He posted on Twitter that he and the rest of the government delegation had arrived for negotiations in Barbados, where several days of talks took place last week.
“We have arrived at generous Barbados to continue the dialogue of peace,” Mr Rodriguez wrote.
"Together with Pope Francis, we hope that all of us will commit our efforts to the construction of a peaceful mechanism for the settlement of disputes and the aggression against our worthy people will be deactivated.”
Negotiations between the adversaries have collapsed in previous years, particularly earlier this year when US President Donald Trump's administration ramped up its efforts to overthrow the democratically elected government of President Nicolas Maduro.
Self-declared “interim president” Juan Guaido contends that Mr Maduro’s re-election last year was invalid.
He has tried several times to spark a US-backed military coup against the government but failed to gain much support beyond Venezuela’s wealthy elite.
The sanctions imposed on Venezuela, designed to dislodge Mr Maduro, by the US and European Union since 2017 have taken a heavy toll on the country, sinking it deeper into an economic and humanitarian crisis.
In January, former United Nations rapporteur Alfred de Zayas likened the economic sanctions to a “medieval siege” designed “to bring countries to their knees.”
Last week, the Trump administration imposed further punitive measures on the Venezuelan military intelligence agency, which it accused of torturing to death naval officer Rafael Acosta in a military hospital last month.
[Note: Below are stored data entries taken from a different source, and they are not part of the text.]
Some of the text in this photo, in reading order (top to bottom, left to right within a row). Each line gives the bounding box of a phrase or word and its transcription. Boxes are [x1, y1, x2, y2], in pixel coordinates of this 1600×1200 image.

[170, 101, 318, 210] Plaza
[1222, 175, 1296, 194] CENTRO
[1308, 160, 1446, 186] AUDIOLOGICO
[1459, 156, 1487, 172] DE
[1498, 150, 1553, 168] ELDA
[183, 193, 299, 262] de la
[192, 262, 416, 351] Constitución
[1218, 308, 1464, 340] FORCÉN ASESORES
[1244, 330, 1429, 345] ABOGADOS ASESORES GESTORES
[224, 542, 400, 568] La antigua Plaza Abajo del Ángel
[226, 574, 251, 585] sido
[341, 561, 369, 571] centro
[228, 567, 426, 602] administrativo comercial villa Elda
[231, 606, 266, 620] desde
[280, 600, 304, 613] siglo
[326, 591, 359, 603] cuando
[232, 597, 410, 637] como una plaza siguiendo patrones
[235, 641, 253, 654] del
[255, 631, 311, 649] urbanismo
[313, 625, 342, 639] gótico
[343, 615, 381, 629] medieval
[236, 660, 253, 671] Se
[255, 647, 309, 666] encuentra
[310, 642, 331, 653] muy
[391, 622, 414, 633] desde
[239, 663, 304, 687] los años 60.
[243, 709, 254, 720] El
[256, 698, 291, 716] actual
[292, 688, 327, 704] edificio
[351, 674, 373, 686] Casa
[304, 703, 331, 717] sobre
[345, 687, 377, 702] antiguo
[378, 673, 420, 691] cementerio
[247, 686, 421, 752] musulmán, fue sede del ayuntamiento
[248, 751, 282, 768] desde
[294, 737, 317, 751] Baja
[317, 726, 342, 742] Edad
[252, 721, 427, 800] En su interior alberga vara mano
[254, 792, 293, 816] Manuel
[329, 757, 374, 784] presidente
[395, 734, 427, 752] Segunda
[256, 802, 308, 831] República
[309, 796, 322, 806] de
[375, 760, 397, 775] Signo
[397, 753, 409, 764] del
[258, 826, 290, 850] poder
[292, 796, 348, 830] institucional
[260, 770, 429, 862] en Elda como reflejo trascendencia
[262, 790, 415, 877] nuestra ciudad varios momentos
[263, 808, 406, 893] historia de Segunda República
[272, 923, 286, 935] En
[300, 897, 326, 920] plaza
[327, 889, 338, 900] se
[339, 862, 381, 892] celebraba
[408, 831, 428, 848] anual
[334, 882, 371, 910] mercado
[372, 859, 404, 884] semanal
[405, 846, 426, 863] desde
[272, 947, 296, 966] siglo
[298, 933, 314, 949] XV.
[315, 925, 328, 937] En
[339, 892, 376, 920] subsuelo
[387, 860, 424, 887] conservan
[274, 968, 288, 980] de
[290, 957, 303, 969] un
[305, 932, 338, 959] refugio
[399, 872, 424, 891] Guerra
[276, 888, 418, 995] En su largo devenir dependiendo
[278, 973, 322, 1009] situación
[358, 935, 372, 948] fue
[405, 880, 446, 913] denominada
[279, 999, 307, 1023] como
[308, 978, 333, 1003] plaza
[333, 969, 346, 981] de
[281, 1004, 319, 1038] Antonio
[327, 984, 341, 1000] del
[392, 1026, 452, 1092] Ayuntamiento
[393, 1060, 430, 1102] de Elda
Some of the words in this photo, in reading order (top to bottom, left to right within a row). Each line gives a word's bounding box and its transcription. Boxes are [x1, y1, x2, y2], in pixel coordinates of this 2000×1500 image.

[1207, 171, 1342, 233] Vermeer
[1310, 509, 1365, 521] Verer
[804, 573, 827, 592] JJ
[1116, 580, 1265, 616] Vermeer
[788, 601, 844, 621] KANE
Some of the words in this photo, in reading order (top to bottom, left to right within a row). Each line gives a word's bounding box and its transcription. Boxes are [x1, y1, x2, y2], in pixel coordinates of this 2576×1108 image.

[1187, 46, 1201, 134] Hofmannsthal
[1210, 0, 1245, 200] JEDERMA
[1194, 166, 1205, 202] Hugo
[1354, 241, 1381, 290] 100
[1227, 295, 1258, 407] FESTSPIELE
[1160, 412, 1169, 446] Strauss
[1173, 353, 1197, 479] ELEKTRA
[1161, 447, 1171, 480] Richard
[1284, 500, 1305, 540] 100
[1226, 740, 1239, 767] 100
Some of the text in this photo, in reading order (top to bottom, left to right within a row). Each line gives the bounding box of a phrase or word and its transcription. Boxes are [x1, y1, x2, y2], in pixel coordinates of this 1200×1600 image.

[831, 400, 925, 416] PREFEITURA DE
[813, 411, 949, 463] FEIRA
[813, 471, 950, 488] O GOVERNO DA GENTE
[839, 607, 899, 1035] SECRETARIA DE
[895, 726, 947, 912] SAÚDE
Venezuelan authorities are investigating the death.
However, those sanctions appear to be largely symbolic because they prohibit US dealings with the agency, which are likely to be negligible already.
Spanish Foreign Minister Josep Borrell said on Monday that the talks between Venezuela’s government and opposition were a priority, but that they should not be a “shield against sanctions” for Captain Acosta’s killers and others supposedly involved in violence and repression.